Não entendemos a sanha covarde do imperialismo ao Haiti no passado que apoiava o regime ditatorial de” Papa Doc. e o Baby Doc., num país que passa por uma situação de caos político e econômico e é a nação mais pobre das Américas.
Em 1990, depois de realizado um novo golpe por meio do General Raoul, as Organizações das Nações Unidas (ONU) impõem sanções e os EUA ocupam o país, tendo exército do Haiti sido dissolvido, em mais uma ingerência das tropas estadunidenses, agredindo a soberania da nação haitiana, e em uma pratica comum de sua política externa.

O Brasil participou da missão de estabilização da ONU no Haiti, militarmente organizada pelo Exército do Brasil em 2004 (A MINUSTAH), o que foi elogiado por uns e criticado por outros setores da sociedade na época, mas na verdade não estabilizou nada.

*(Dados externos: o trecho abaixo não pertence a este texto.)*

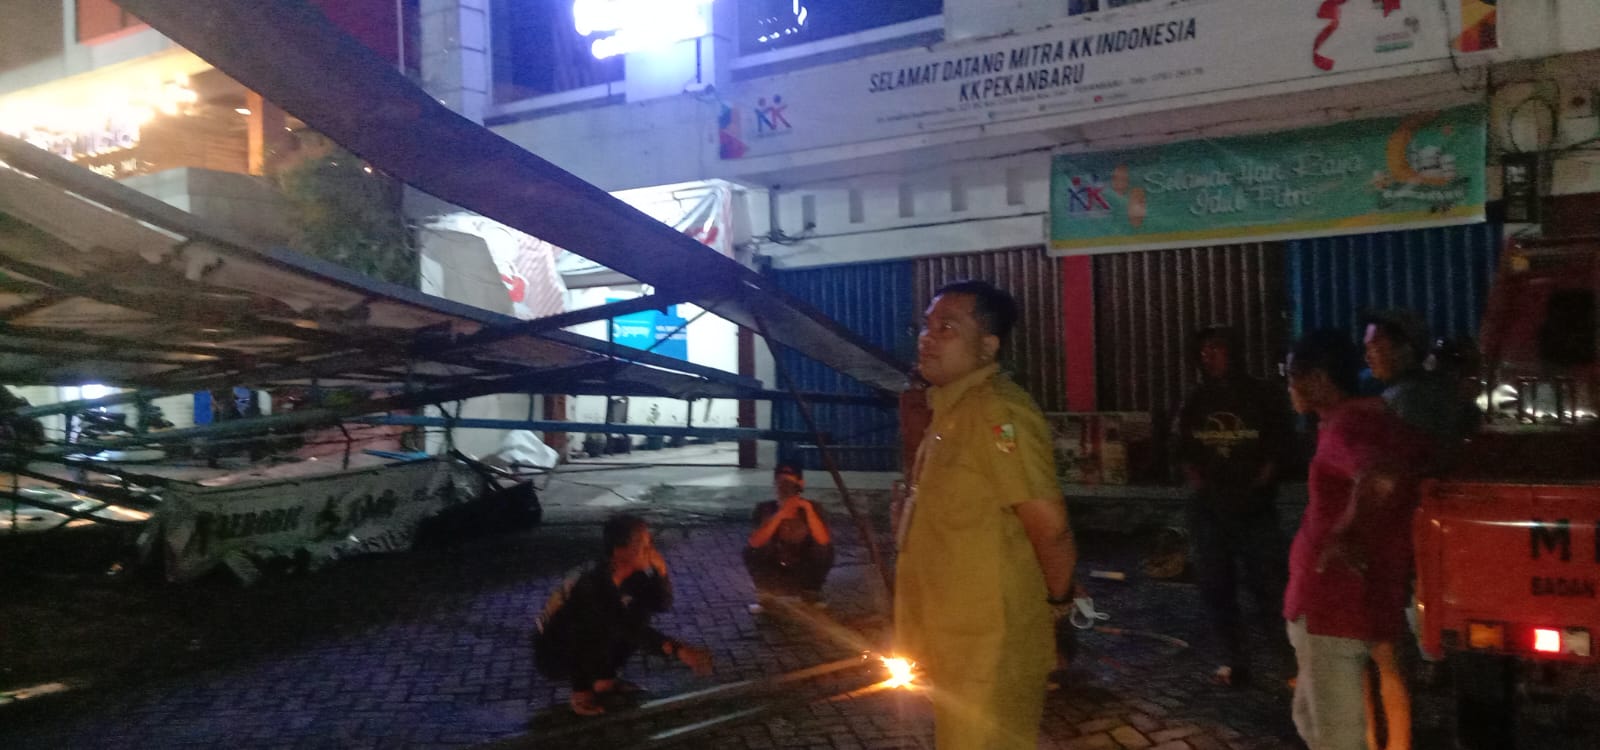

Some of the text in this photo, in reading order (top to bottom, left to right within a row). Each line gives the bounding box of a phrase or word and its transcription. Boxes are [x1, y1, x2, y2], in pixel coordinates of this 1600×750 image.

Além de catástrofes naturais, como o terremoto que devastou 70% das construções da capital Porto Príncipe, provocando destruição e a morte de 250 mil pessoas em Janeiro de 2010, o Haiti. é marcado por sucessivos golpes de estados e violência política ao longo de história: teve 14 presidentes, mas apenas 3 deles completaram o mandato de cinco anos, e o mais recente acontecimento foi o assassinato do presidente Jovenel Moisés, morto em um ataque a tiros em sua casa, na capital Porto Príncipe.
Disputas entre as gangues e sequestros marcam o cotidiano do país, sendo inúmeras as milícias que disputam o poder, 77 quadrilhas armadas no total, segundo dados da Comissão Nacional de Desarmamento, Desmantelamento e Reintegração (CNRDDR).
O retumbante fracasso do governo de fato de Jovenel Moïse e do seu partido PHTK é bastante claro: a circulação, nessa pequena nação, de mais de 500 mil armas, das quais apenas 45 mil estão legalizadas, e como exemplo das milícias temos o Grupo dos 9. . O grande organizador do G9 e seu líder, o policial exonerado Jimmy Cherizier, conhecido como Barbecue, promoveu o terror pelas ruas, em uma operação realizada em 13 de novembro de 2017 em Grand Ravine, na qual oito civis e dois policiais perderam a vida e cerca de 30 pessoas ficaram feridas.
Foram registrados sequestros de profissionais a camponeses, de vendedoras ambulantes a policiais. As somas exorbitantes exigidas das famílias — a maioria de origem humilde — podem chegar a até US$ 100 mil. Já no ano passado os relatórios do Escritório Integrado das Nações Unidas no Haiti (Binuh) apontaram um aumento de 200% na incidência desse crime. “O Haiti é aqui, pense no Haiti”, quando da violência praticada também nas periferias das cidades brasileiras, nas comunidades mais carentes da ausência do Estado em relação a saúde e educação, na qual a única “assistência” é à repressão da polícia e a violência das milícias. o Haiti é aqui sim!